Map in hand, we began the journey to our hotel.  Remember this was the first day and you know what usually happens  —  directional confusion!  So off we go to the information kiosk.  After much nodding and theatrical pointing, we found our way to the tram stop.

One tram, two trams, there’s our tram — fingers crossed!  We scrambled on board just as a torrential cloudburst burst, nervously chuckling like condemned men who had just dodged a bullet. 

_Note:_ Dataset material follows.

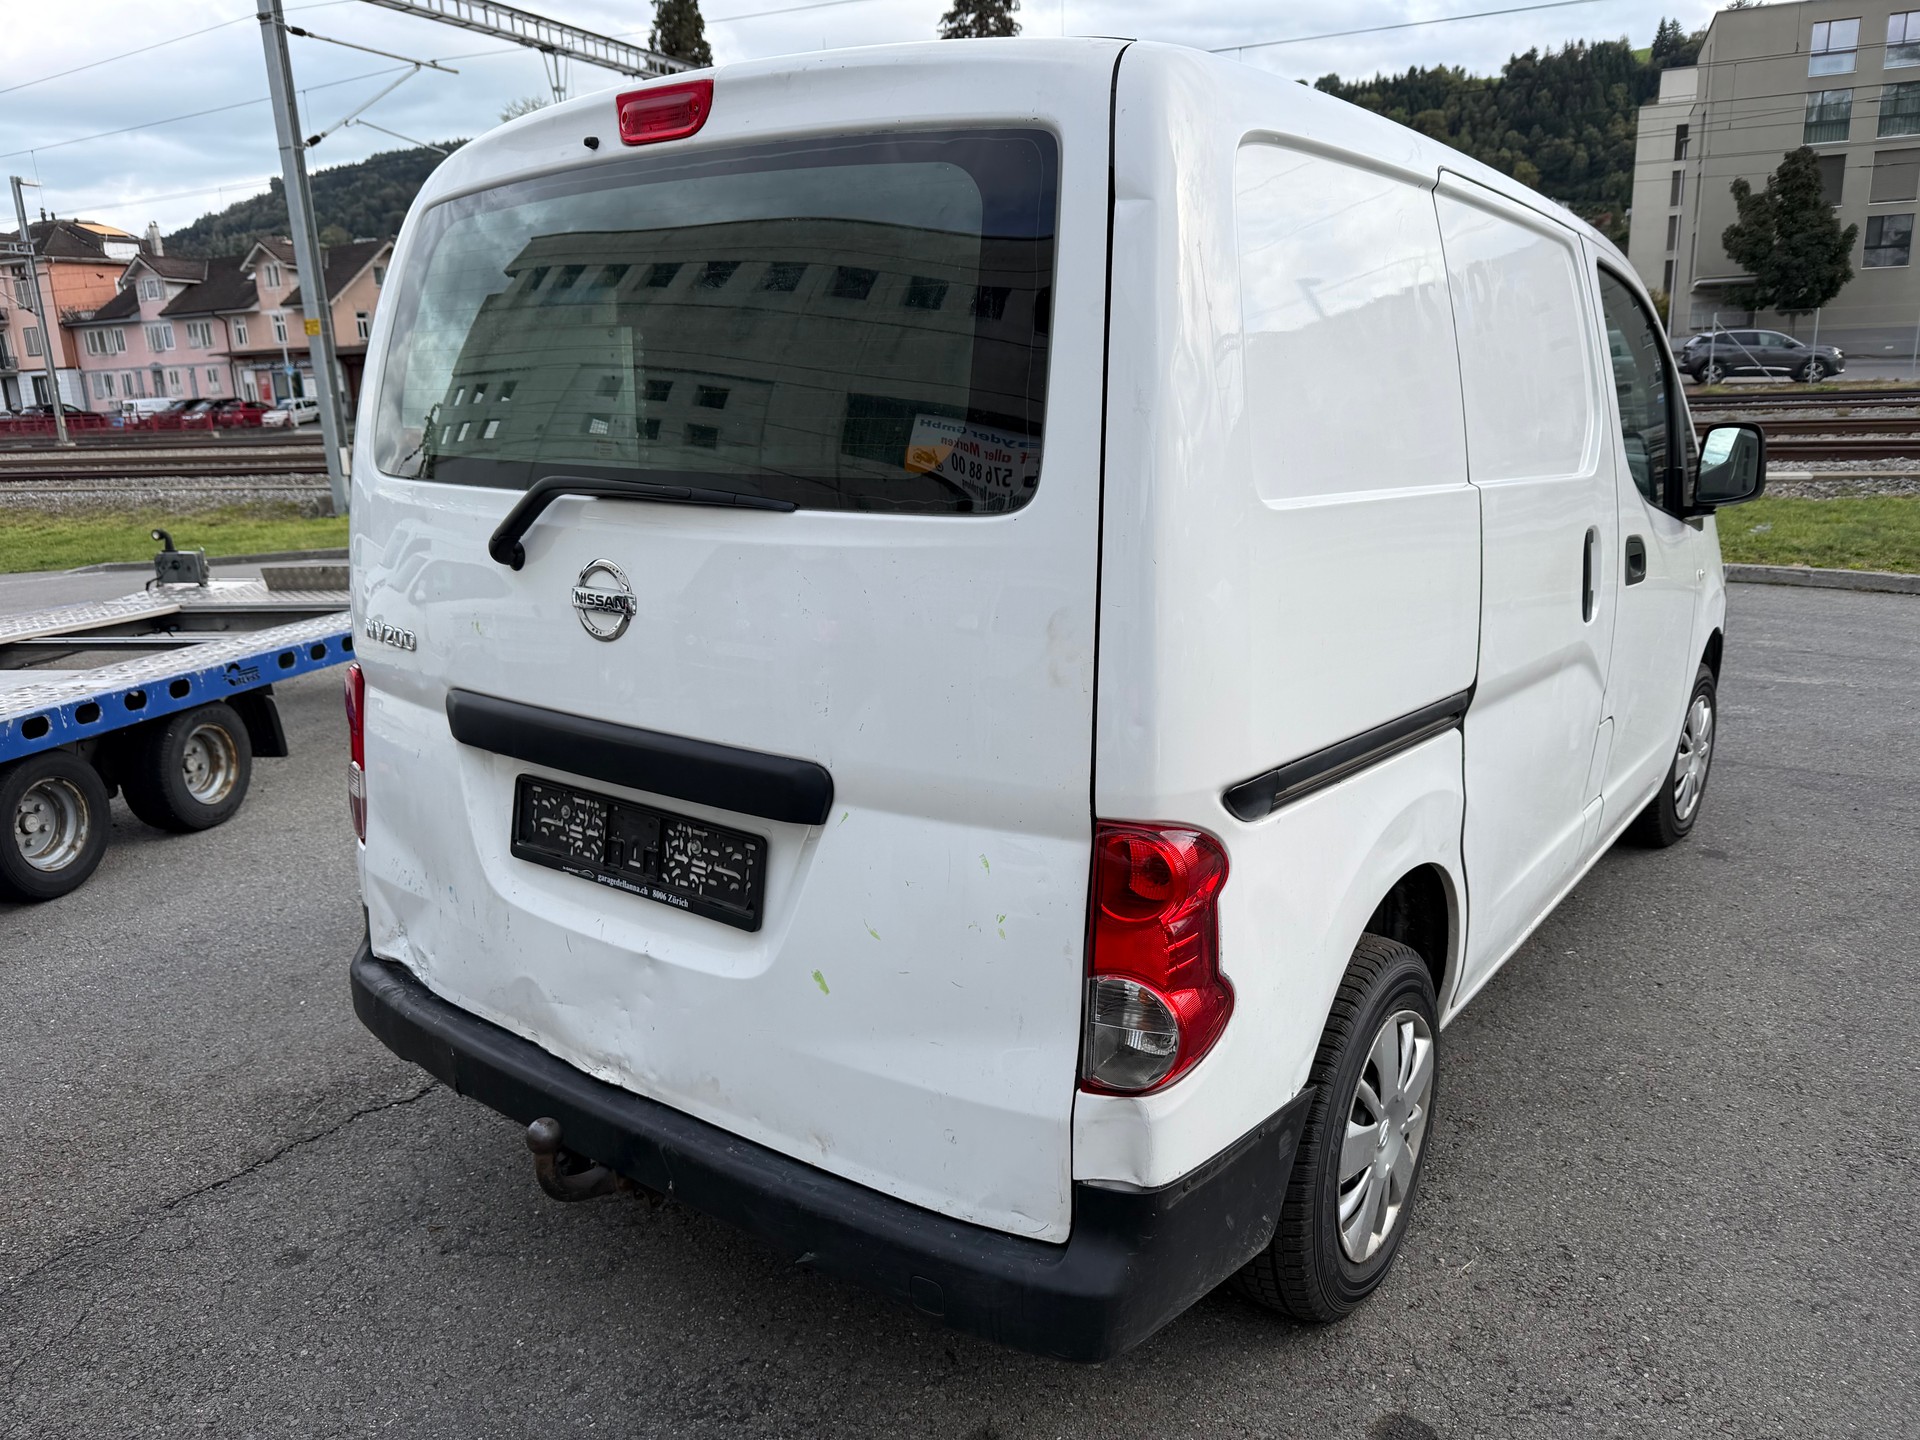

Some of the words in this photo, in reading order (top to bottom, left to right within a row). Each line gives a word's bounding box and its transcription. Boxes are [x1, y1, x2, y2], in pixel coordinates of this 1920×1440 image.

Acting as GPS, I turned our damp map with each curve in the road.  Dutifully I watched for street signs and landmarks.  This got progressively more difficult as the windows steamed with moisture. Like an intermittent wiper, I would stroke the window clear and check our position. The final curve;  we were crossing the river.  Our hotel is across the river.  At that point we knew we were on the right tram.  The next stop was ours.

Splashing down onto the cobbled sidewalk, I couldn’t help but think of myself as a latter day Gene Kelly.  We set off in the rain in search of Hotel Josef,  our small luggage train in tow keeping a merry syncopated beat - climp, clomp, splot.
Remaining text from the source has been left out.